In  New York City, Thea performs at the Metropolitan Opera House. Dr. Archie and Fred are there to attend her performance. The three are good friends. Fred is still tied to his wife, who has been in a sanitarium for the last seven years; but he pines to raise a son. Thea is asked to replace an ill singer at the last minute, and she performs very well. Thea is then announced to sing the entire role of Sieglinde, in the program. This role is well-suited to her voice. Besides Archie and Fred, two other people from her past are in the audience—Harsanyi, her teacher from Chicago, and Spanish Johnny, the Mexican mandolin player from Moonstone, who all deeply enjoy her performance, as does the entire audience. In the epilogue, Tillie Kronborg is in Moonstone, enjoying her niece's successes in the opera. She recalls hearing the famous Kronborg when the opera travelled to Kansas City, and she is happy.

Characters
Moonstone
 Thea Kronborg: the protagonist. As the novel begins, she is eleven years old in Moonstone, Colorado. After studying in Chicago, she becomes a renowned opera singer in Dresden and New York City.

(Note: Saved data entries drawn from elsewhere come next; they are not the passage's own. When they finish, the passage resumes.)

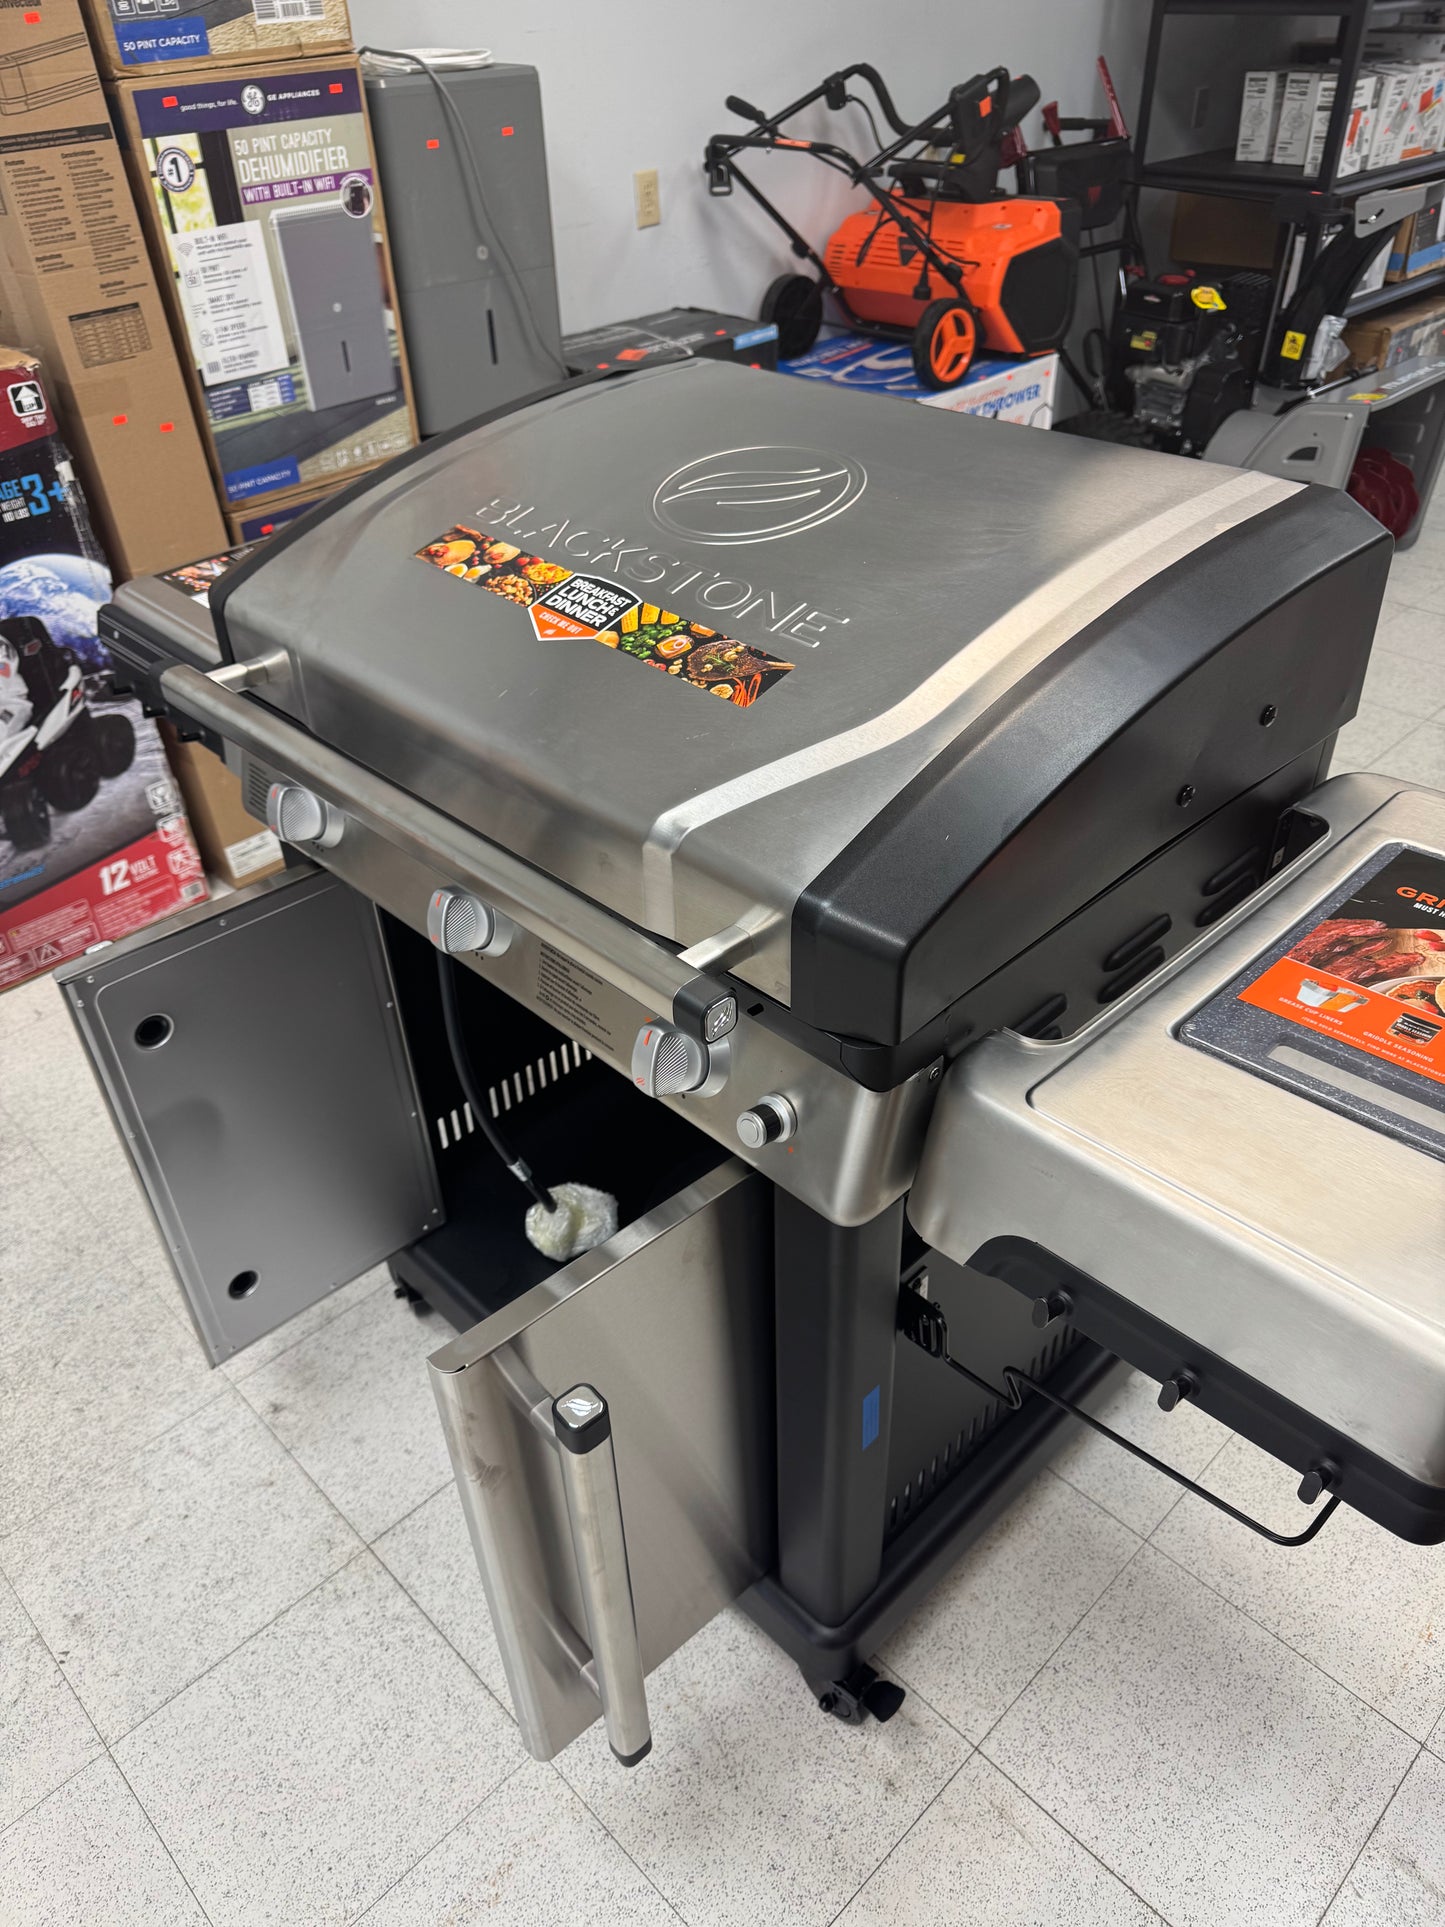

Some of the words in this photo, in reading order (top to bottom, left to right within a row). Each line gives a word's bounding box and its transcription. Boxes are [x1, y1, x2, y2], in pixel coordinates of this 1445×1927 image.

[123, 42, 136, 52] 50
[137, 39, 157, 49] PINT
[158, 34, 200, 47] CAPACITY
[180, 103, 196, 112] good
[267, 93, 276, 101] GE
[278, 89, 320, 100] APPLIANCES
[234, 140, 249, 156] 50
[252, 135, 278, 154] PINT
[280, 128, 332, 149] CAPACITY
[238, 145, 349, 184] DEHUMIDIFIER
[243, 185, 271, 203] WITH
[272, 178, 313, 198] BUILT-IN
[314, 176, 336, 191] WIFI
[982, 384, 1041, 413] THROWER
[20, 473, 70, 516] 3+
[475, 498, 851, 650] BLACKSTONE
[570, 578, 632, 608] BREAKFAST
[539, 611, 559, 625] CHECK
[559, 619, 569, 629] ME
[567, 623, 584, 634] OUT
[545, 594, 608, 628] DINNER
[98, 858, 132, 896] 12
[130, 854, 156, 875] VOLT
[1413, 902, 1440, 915] MUST
[1278, 997, 1305, 1010] GREASE
[1319, 1013, 1344, 1026] LINERS
[1363, 1031, 1393, 1046] GRIDDLE
[1393, 1044, 1435, 1063] SEASONING

 Doctor Howard Archie:  the young town doctor in Moonstone. He is a lifelong friend of Thea, who gives her financial support, which she in her turn repays. After he is widowed, his investments in silver mines pay off handsomely so he moves to Denver.
 Mrs. Archie: Doctor Archie's wife, born Belle White. She met her husband in Lansing, Michigan. She is a dull, penny-pinching woman. She dies in a house fire that she likely caused while using an unsafe cleaning product. The fire burned the house completely, about four years after her husband sees Thea in New York City.

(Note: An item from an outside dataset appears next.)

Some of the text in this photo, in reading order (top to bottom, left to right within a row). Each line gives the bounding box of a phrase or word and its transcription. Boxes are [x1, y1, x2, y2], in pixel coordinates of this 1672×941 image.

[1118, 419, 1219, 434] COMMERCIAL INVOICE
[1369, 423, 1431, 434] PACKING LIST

 Larry: Doctor Archie's errand boy.
 Reverend Mr. Peter Kronborg: Father of seven children, including Thea. He is a Methodist minister. He was born in a Scandinavian colony in Minnesota, and went to school in Indiana.
 Mrs. Kronborg: Wife of Peter and wise mother of Thea, who understands what is due to her daughter's talent.
 Anna: Thea's older sister, who becomes a devout Methodist. The two sisters are not much alike.
 Thor Kronborg: Newborn when the story begins, and eleven-year-old Thea often cares for him. When Dr. Archie lives in Denver, Thor repairs and drives his automobile, as his chauffeur. He was born waiting for the automobile to be invented, per Dr. Archie.
 The Kronborg children: namely  Gus (clerk in a drygoods store, age 19), Charley (works in a feed store, age 17),  Anna (the elder daughter, in high school), Thea (pronounced Tay a, age 11), Axel (age 7), Gunner, and Thor (the baby, pronounced Tor).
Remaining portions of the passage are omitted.